Member of 2nd Nepalese Constituent Assembly
- Incumbent
- Assumed office 2014
- President: Dr. Ram Baran Yadav
- Prime Minister: Sushil Koirala

23rd Inspector General of Nepal Police
- In office 2 June 2011 – 12 September 2012
- President: Dr. Ram Baran Yadav
- Prime Minister: Jhalanath Khanal
- Preceded by: Ramesh Chand Thakuri
- Succeeded by: Kuber Singh Rana

Personal details
- Born: 27 June 1957 (age 69) Maidi, Dhading District, Nepal
- Party: CPN-Maoist
- Education: Tribhuvan University
- Occupation: Politician, police officer

= Rabindra Pratap Shah =

Ex-IGP and politician, Nepal

Hon. Rabindra Pratap Shah (born 27 June 1957) was, as of 2012, Inspector General of Nepal Police of the Nepal Police. On 2 June 2011, he assumed the duties of the chief of Nepal Police, after succeeding Ramesh Chand Thakuri. Shah was born in Maidi in the Dhading District, and graduated from Tribhuvan University with a Bachelor's degree in Business Administration.

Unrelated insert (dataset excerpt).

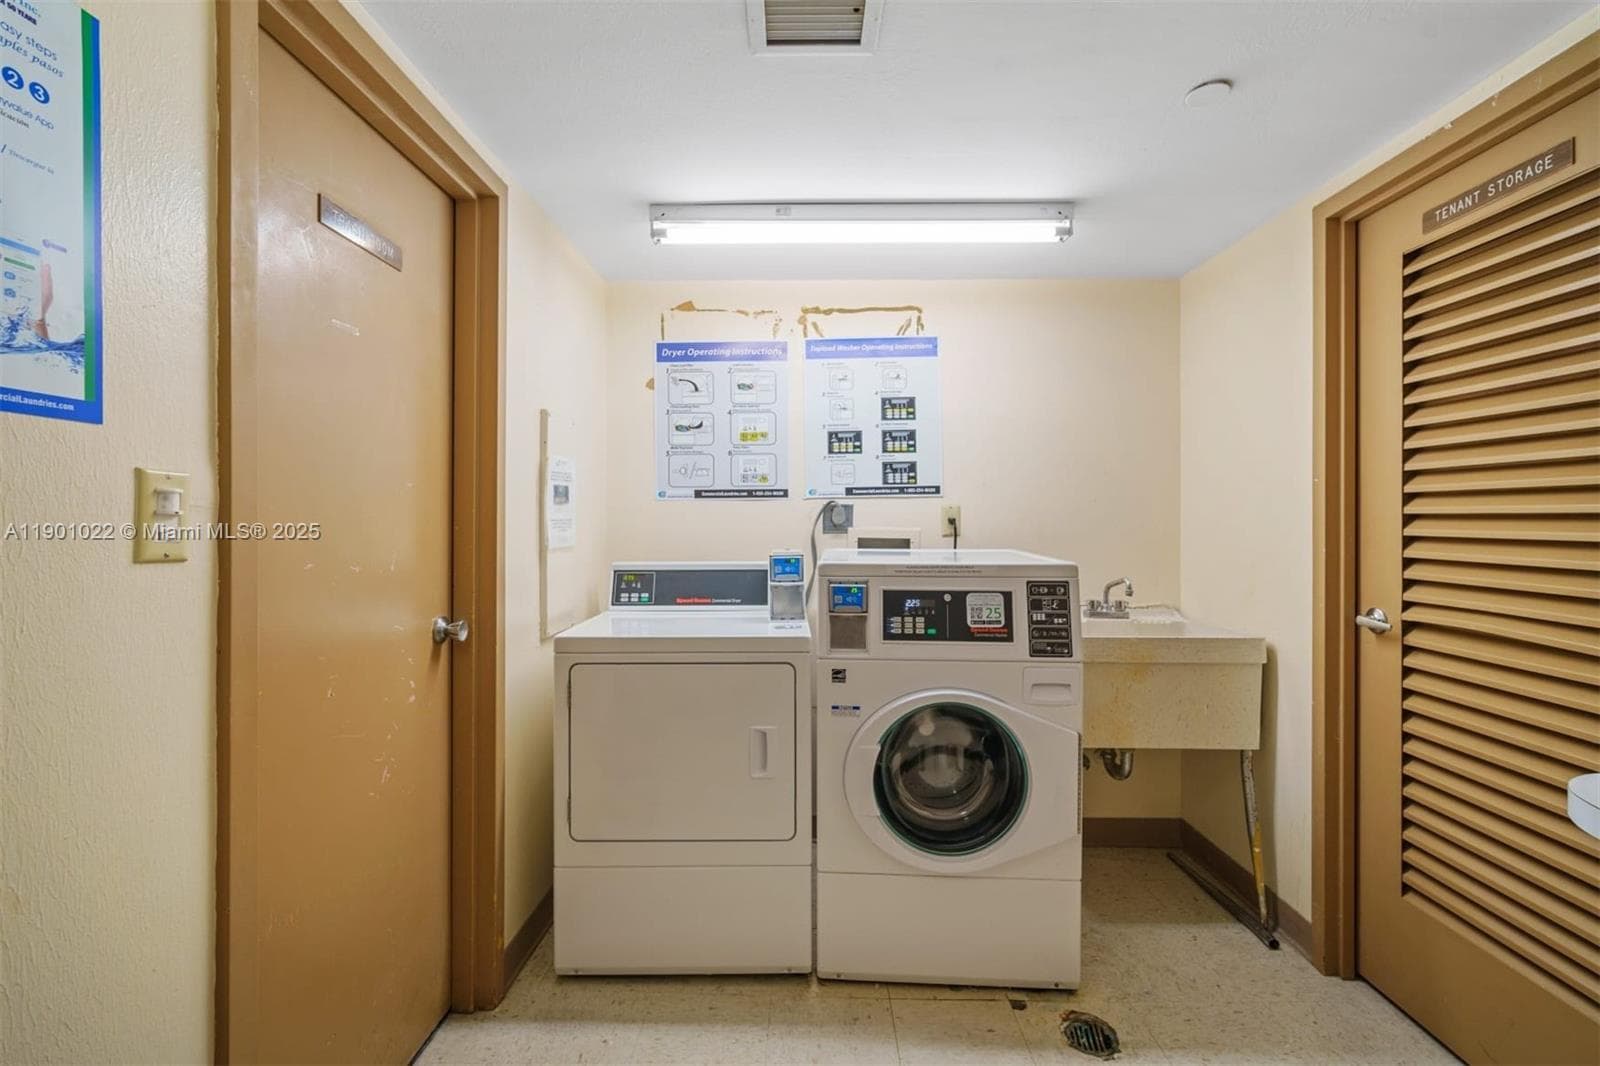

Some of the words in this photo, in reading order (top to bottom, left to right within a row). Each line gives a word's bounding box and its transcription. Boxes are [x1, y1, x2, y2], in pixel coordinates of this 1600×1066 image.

Shah joined the Nepalese police service on 1 September 1982, as an Inspector of Police. Later he served sequentially as In-Charge of six District Police Offices and three Zonal Police Offices. He was promoted to the rank of Deputy Inspector General of Police in 2006 and served as the Director of the Training Directorate as well as Chief of a Regional Police Office.

As of 2014, Former police chief Rabindra Pratap Shah is now a Constituent Assembly (CA) member representing the UCPN (Maoist) party.